▸ **What is required**
Carry none of the pictures over; write out the complete data exactly.
__________
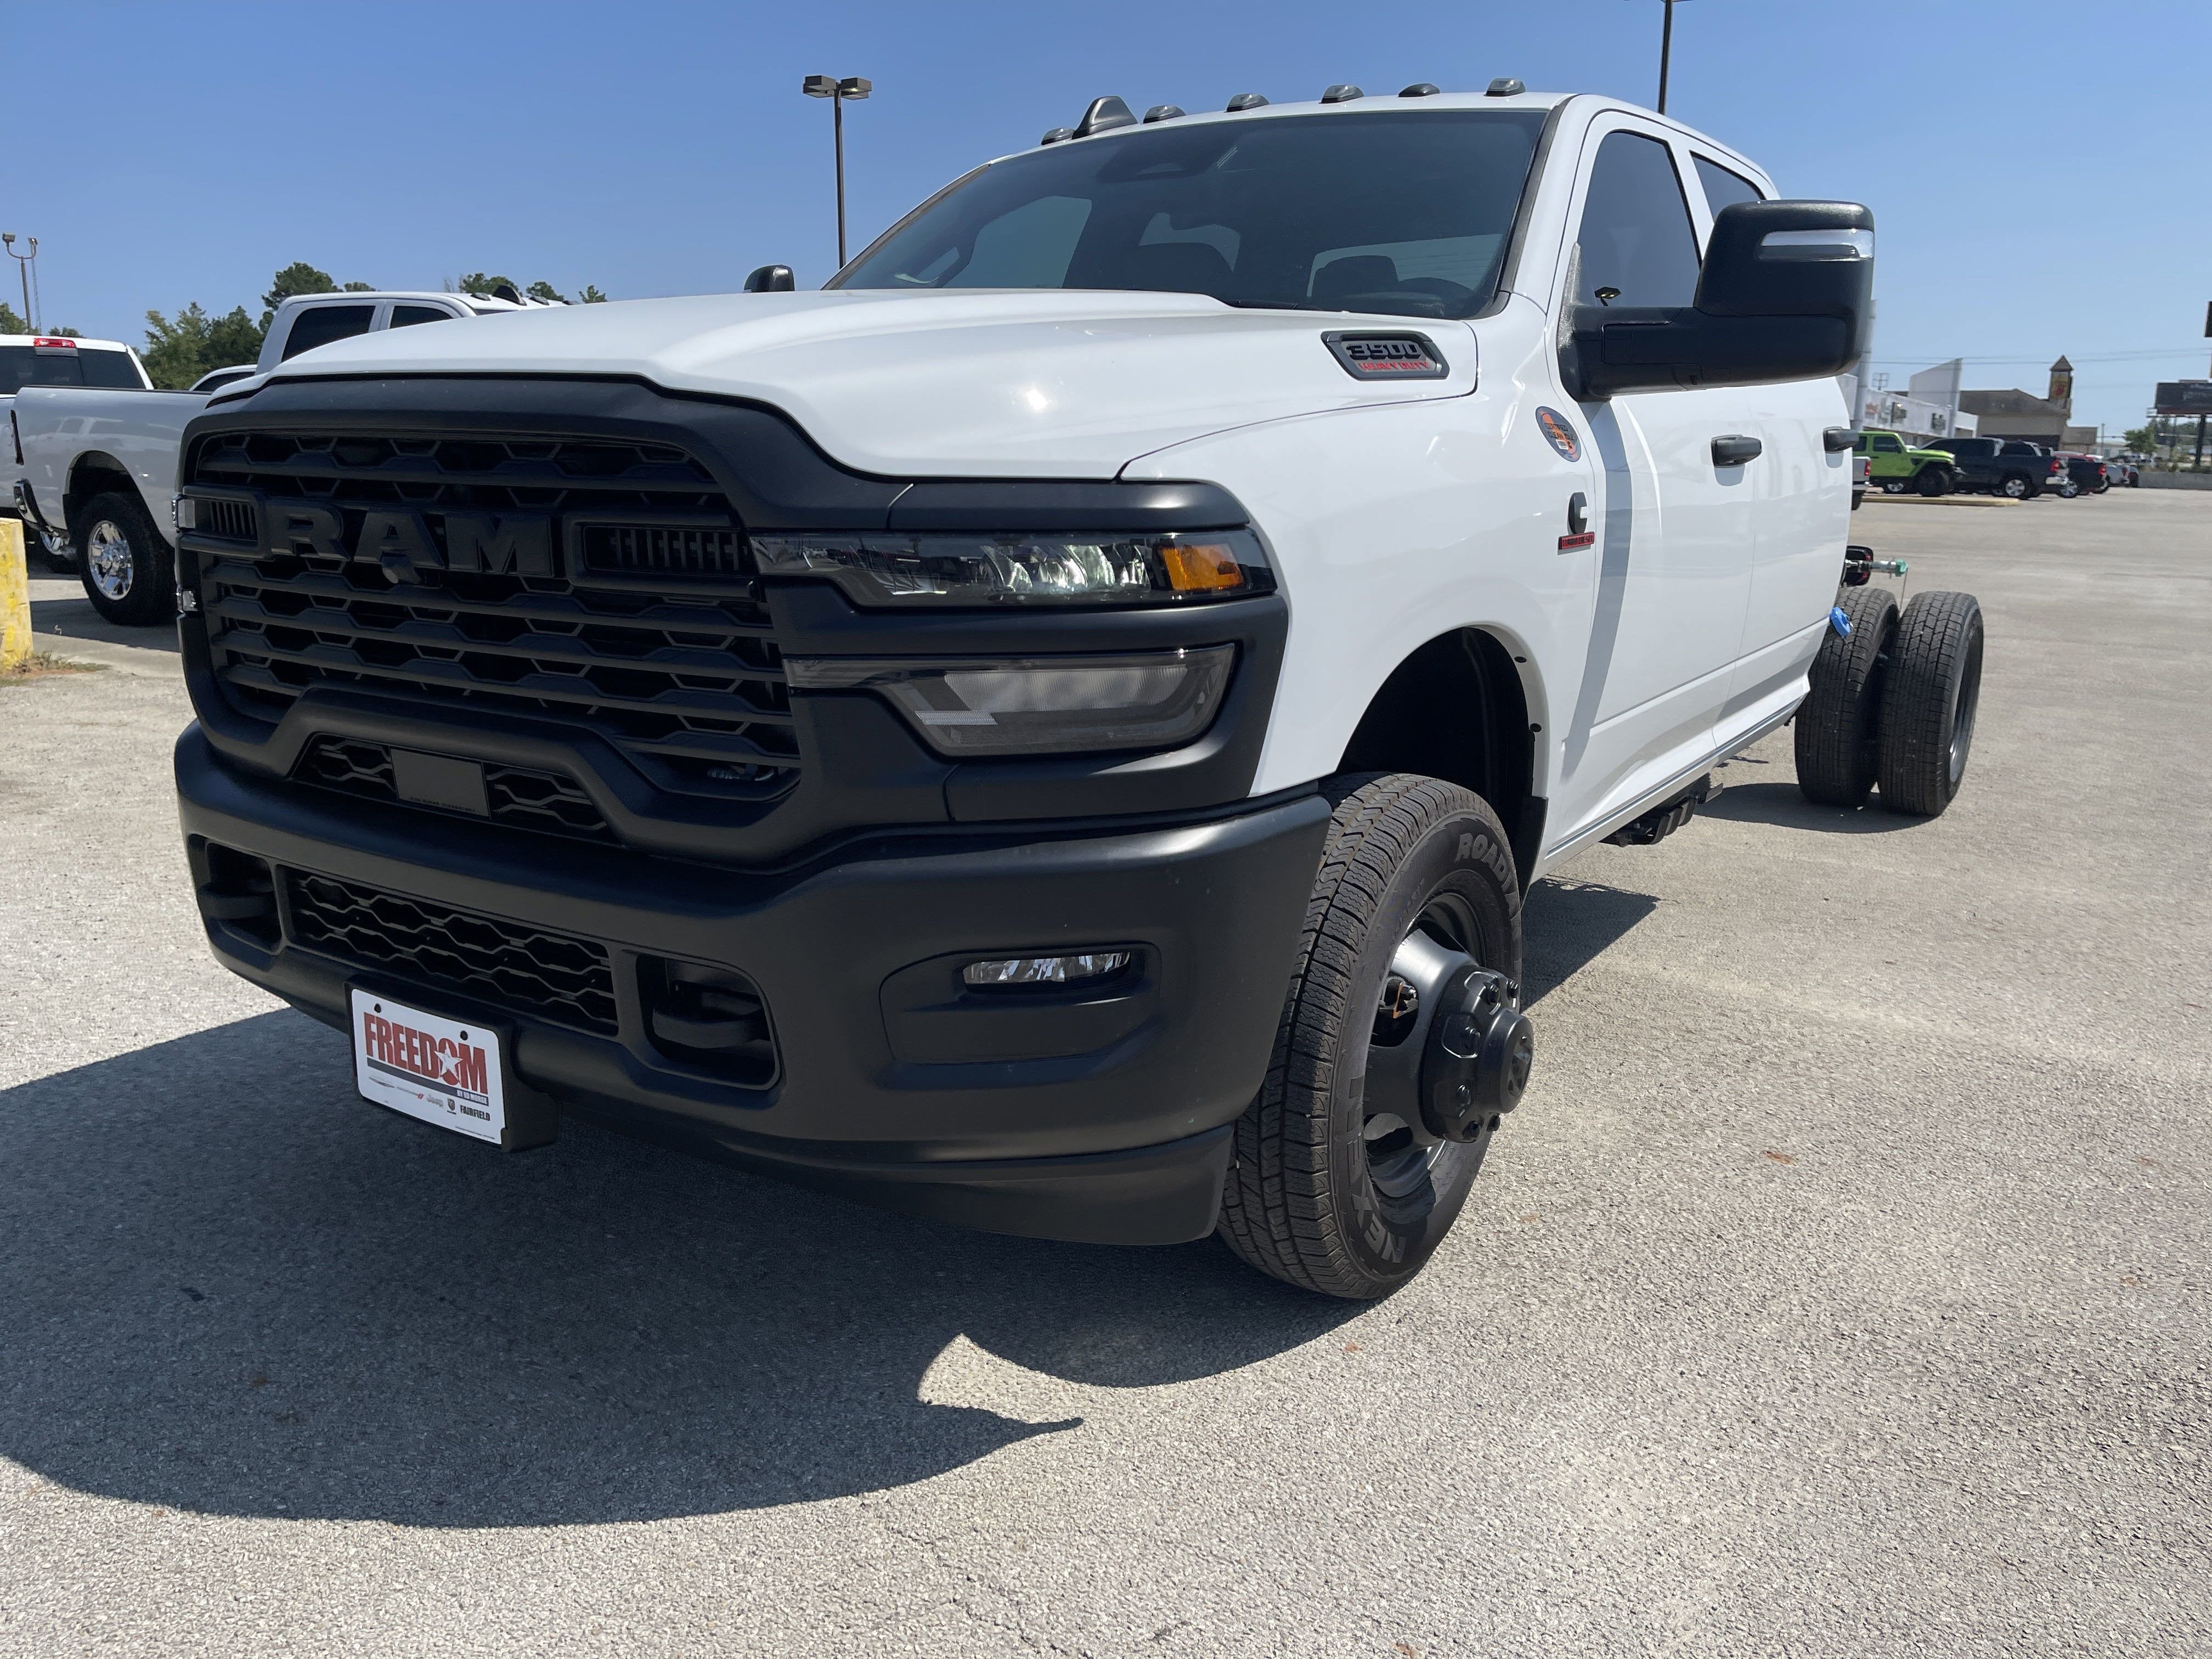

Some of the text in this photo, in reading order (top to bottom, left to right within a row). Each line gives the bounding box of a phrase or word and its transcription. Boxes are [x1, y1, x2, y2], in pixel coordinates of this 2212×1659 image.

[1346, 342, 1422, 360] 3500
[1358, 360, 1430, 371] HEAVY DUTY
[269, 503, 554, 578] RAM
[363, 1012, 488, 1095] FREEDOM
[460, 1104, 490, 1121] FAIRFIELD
__________
▸ **Task solution**
Some of the text in this photo, in reading order (top to bottom, left to right within a row). Each line gives the bounding box of a phrase or word and its transcription. Boxes are [x1, y1, x2, y2], in pixel coordinates of this 2212×1659 image.

[1346, 342, 1422, 360] 3500
[1358, 360, 1430, 371] HEAVY DUTY
[269, 503, 554, 578] RAM
[363, 1012, 488, 1095] FREEDOM
[460, 1104, 490, 1121] FAIRFIELD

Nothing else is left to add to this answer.